== Task requirements ==
Apart from the pictures, return every line of the listing exactly.

***** Material for the task

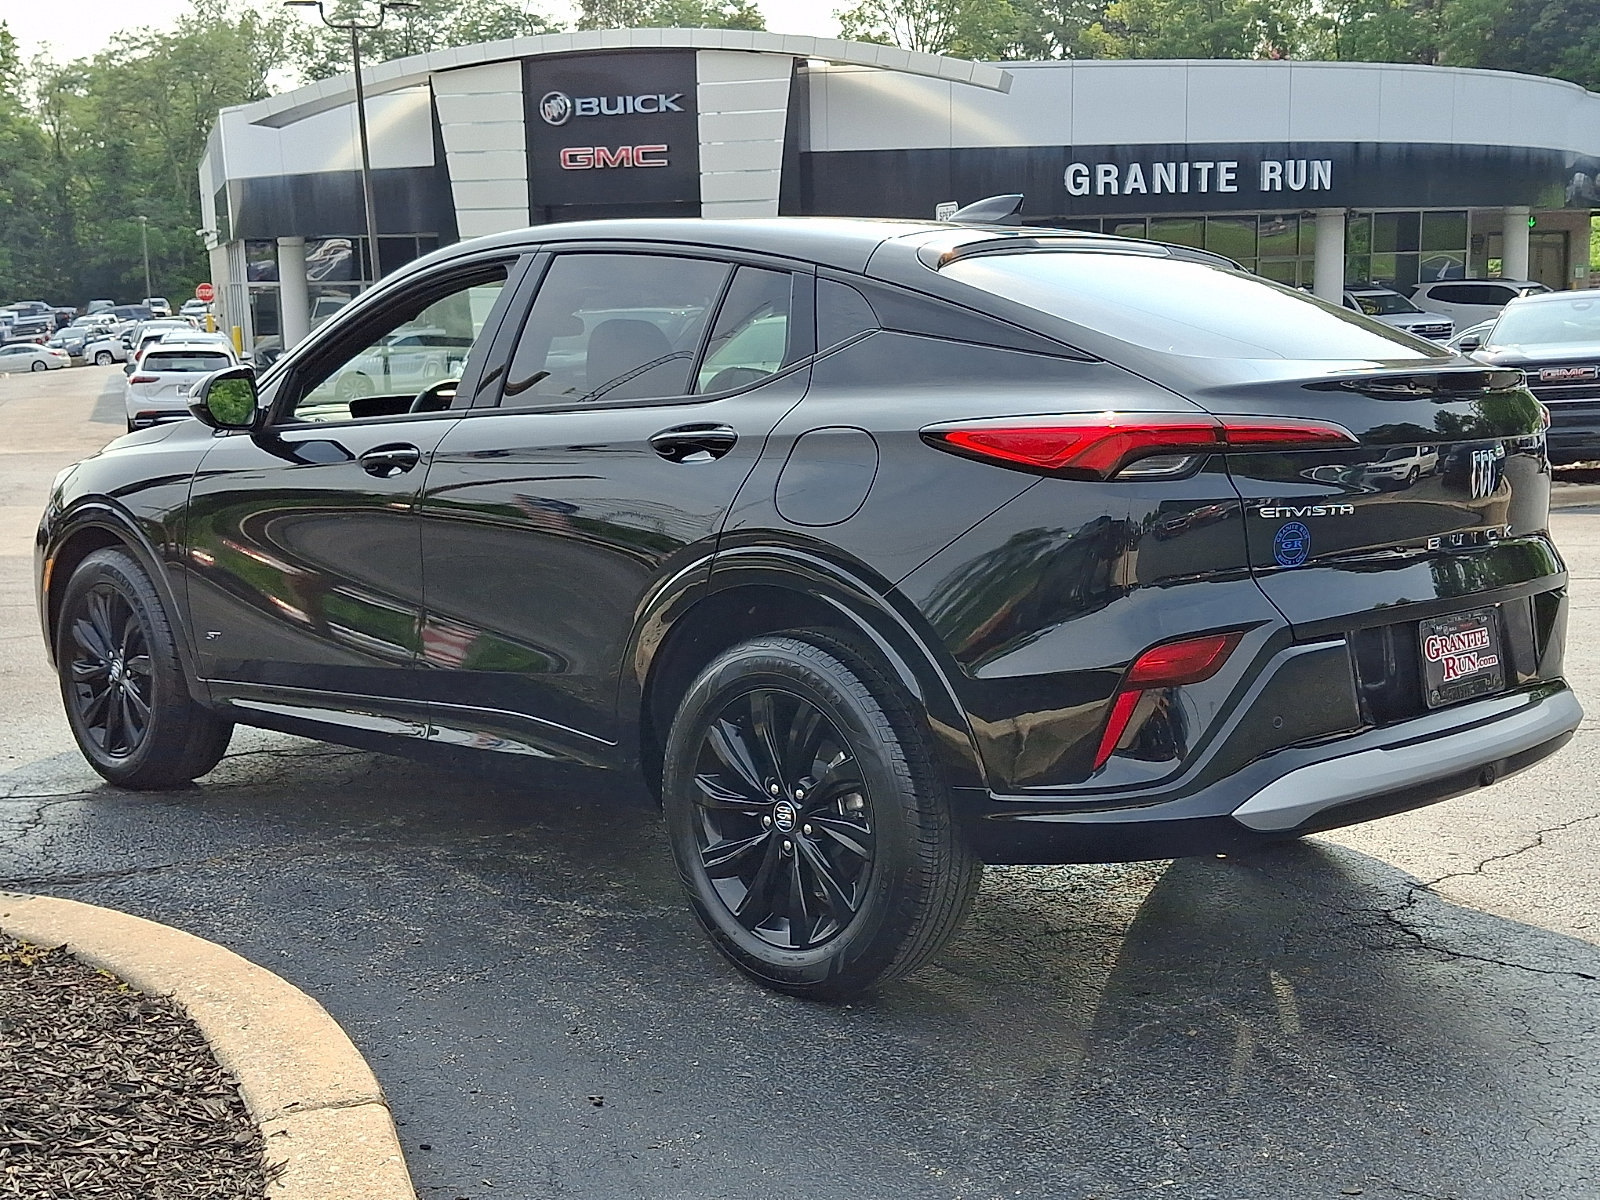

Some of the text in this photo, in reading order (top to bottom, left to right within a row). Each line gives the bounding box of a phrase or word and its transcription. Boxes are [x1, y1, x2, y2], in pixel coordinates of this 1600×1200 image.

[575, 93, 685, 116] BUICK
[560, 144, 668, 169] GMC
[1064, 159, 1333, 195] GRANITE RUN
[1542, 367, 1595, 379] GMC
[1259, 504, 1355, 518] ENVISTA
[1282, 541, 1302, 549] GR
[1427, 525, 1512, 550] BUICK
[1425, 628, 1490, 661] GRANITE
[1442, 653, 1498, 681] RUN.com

**********

== Solution for this exercise ==
Some of the text in this photo, in reading order (top to bottom, left to right within a row). Each line gives the bounding box of a phrase or word and its transcription. Boxes are [x1, y1, x2, y2], in pixel coordinates of this 1600×1200 image.

[575, 93, 685, 116] BUICK
[560, 144, 668, 169] GMC
[1064, 159, 1333, 195] GRANITE RUN
[1542, 367, 1595, 379] GMC
[1259, 504, 1355, 518] ENVISTA
[1282, 541, 1302, 549] GR
[1427, 525, 1512, 550] BUICK
[1425, 628, 1490, 661] GRANITE
[1442, 653, 1498, 681] RUN.com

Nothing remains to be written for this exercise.